Cet effacement n’est pas récent et détermine également les événements actuels. Quelles en sont les causes ?

La première, et sans doute la principale, vient de notre propre attitude à l’égard de notre pays, et de l‘image que nous en répercutons vers l‘extérieur. L’intelligentsia belge, largement relayé en cela par les médias notamment audio-visuels -mais pas seulement, a depuis une cinquantaine d’années choisi de systématiquement tourner en dérision, sinon de détruire, tout sentiment national en l‘assimilant parfois erronément au nationalisme, synonyme d‘impérialisme et de xénophobie.

Or notre pays est en train de crever par excès de démocratie (pas politique, je vous rassure).
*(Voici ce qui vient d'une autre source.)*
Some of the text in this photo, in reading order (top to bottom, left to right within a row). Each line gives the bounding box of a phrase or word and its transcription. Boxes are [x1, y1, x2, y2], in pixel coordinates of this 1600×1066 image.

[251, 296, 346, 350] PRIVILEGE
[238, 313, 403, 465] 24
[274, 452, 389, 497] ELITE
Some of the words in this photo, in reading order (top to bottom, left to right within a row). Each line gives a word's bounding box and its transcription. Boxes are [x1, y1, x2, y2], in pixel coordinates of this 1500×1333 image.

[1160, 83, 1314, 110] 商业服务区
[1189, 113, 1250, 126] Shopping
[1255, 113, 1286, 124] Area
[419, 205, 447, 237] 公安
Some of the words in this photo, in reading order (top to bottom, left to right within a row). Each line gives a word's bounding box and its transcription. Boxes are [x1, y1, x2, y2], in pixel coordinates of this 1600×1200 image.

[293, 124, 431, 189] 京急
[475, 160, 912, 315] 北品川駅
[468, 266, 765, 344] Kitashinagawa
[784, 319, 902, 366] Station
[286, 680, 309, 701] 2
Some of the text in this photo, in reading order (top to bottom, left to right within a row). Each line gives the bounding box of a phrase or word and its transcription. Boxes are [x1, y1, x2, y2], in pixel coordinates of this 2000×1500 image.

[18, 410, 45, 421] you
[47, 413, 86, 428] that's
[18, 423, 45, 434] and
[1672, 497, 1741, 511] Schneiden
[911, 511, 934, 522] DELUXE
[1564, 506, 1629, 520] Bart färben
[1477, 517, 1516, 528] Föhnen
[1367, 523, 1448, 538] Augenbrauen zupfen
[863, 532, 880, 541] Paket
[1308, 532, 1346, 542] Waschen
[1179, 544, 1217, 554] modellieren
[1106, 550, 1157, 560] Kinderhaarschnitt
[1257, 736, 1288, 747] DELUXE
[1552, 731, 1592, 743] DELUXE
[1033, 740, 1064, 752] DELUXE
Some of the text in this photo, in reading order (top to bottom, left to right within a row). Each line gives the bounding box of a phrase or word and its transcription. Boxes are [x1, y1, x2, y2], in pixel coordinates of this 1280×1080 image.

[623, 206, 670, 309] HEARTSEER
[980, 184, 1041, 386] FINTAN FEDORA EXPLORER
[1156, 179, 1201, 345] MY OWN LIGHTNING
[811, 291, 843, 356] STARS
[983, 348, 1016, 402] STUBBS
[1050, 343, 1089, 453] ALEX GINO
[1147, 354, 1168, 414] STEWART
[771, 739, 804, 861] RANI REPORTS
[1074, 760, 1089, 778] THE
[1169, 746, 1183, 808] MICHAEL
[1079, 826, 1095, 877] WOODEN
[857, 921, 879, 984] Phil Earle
Alors que la majorité des nations en formation extirpèrent les particularismes des régions annexées, souvent de façon violente et coërcitive, l’ Etat belge les reconnut après quelques années, tout d’abord en adoptant le flamand, devenu Algemeen Beschaafd Nederlands, et ensuite l’allemand comme langues nationales, tandis que le wallon s’évaporait petit à petit et faisait place au français. Et dans une deuxième étape en modifiant la structure même de l’Etat vers des aménagements de plus en plus centrifuges. Justifiés ou non, ces « aménagements » voulus principalement par certaines fractions politiques utilisant principalement le romantisme comme argument politique, et confondant allègrement la situation sociale d’une grande partie de la population et l’usage des langues, favorisèrent la disparition d’un sentiment national belge naissant.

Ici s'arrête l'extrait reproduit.